Although FMD is diminished in at-risk populations, compensation of vascular structure may occur in overweight and obese youth. Using pulse wave velocity and pulse wave analysis, Charakida et al48 illustrated that overweight and obese children had reduced arterial stiffness compared with normal-weight children. The authors suggested that conduit artery adaptation may occur to subdue the hemodynamic effects of adiposity.48 Tryggestad et al49 proposed that increased artery compliance observed in obese children may be due to advanced growth and maturation compared with normal-weight children. Regardless, the current evidence suggests that overweight and obesity affects vascular function (FMD) and structure (stiffness) dissimilarly. It is also relevant in this context that studies have reported compensatory interrelated changes in vascular function and structure, with initial functional changes ultimately being superseded by changes in artery size and remodeling.19,20
The present meta-analysis was unable to extrapolate a relationship between cardiorespiratory fitness and FMD, as just 3 of the included studies conducted maximal exercise tests.12,22,25 Furthermore, the discrepancies in exercise prescription (mode, intensity, duration, and frequency) between studies add complexities when attempting to ascertain an optimal prescription. Therefore, the exact exercise prescription required to induce clinically significant improvements in FMD cannot be established until more data become available. It is also important to reinforce the competing effects of exercise on body composition and the consequent difficulty in using body weight indices such as BMI. Several studies have reported that, although body weight and BMI are not decreased by exercise training, beneficial countervailing effects occur through increases in lean body mass and decreases in fat mass.11,23 We recommend that future studies focus on the impact of exercise training on body composition, not BMI or body weight.

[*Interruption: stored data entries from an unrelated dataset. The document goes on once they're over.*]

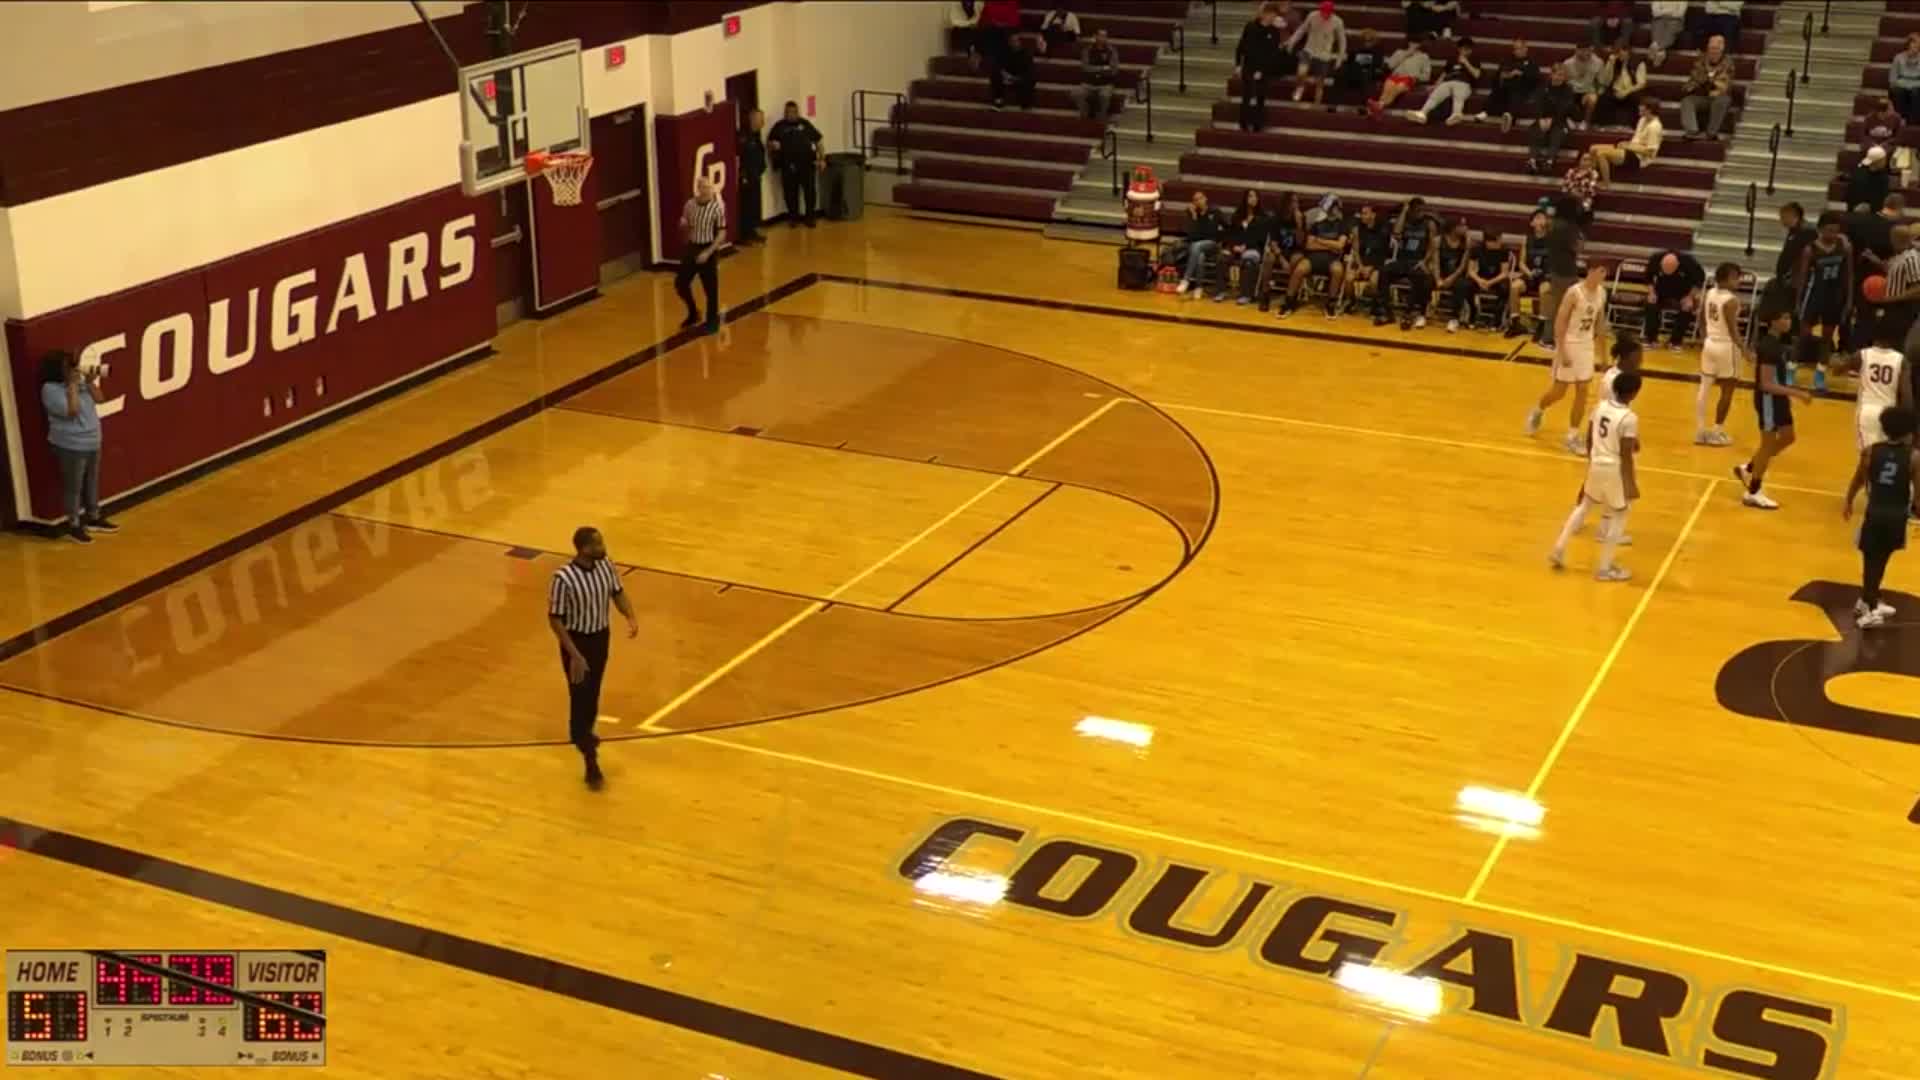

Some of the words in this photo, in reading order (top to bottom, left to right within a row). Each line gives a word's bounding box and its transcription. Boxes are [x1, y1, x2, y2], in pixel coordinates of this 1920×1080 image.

[79, 213, 476, 419] COUGARS
[1869, 364, 1893, 384] 30
[1599, 416, 1610, 438] 5
[1880, 462, 1898, 484] 2
[896, 817, 1836, 1080] COUGARS
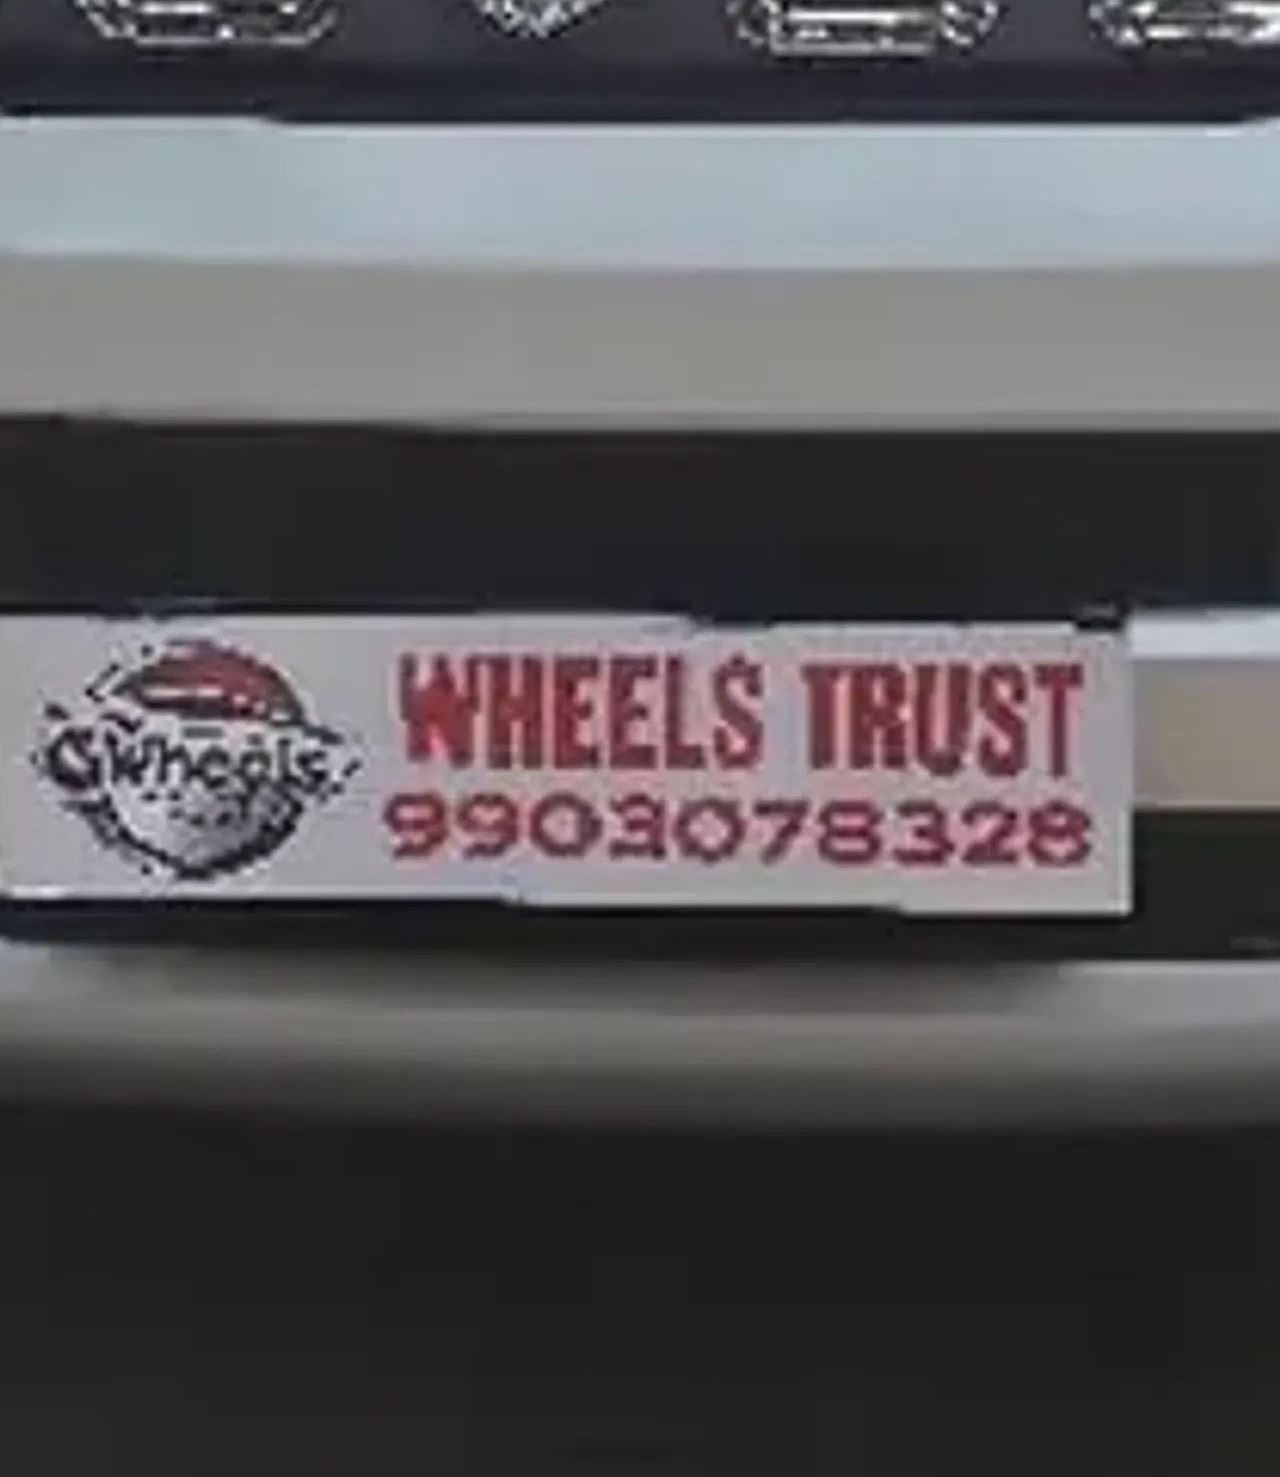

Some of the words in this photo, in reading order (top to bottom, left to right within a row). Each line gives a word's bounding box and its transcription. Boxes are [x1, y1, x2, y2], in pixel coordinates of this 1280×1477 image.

Although this review does illustrate the positive impact of exercise on FMD, a measure of vascular function, the included studies had methodological limitations. Heterogeneity of the FMD measure was high (χ2 = 17.53, I2 = 70%, P = .004), perhaps owing to varying exercise training regimens or technical preparation and analytical approaches. Although this limitation suggests that results should be interpreted with caution owing to variation in true effect sizes, statistical heterogeneity was addressed through random effects modeling within the meta-analysis. The optimum exercise training protocol to maximize health benefits in obese pediatric populations is yet to be established. As such, current research consists of varying exercise modes and intensity as well as differing session duration and frequency. Furthermore, heterogeneity may be due to the different FMD measurement protocols used, with evolving guidelines and technology the primary source of this variability. Discrepancies were present in image acquisition alongside analysis techniques, ie, automated software11,22,23 compared with user-dependent manual measurements,12,24,25 which are likely to influence the outcome. A recent guidelines document was produced to overcome some of the technical difficulties between laboratories using the FMD approach.30 The current review did not include studies of vascular structure, measured as arterial stiffness, because of a limited number of studies reporting both vascular function (FMD) and structure (arterial stiffness) measures. Furthermore, publication bias may have been introduced by limiting the meta-analysis to studies in the English language.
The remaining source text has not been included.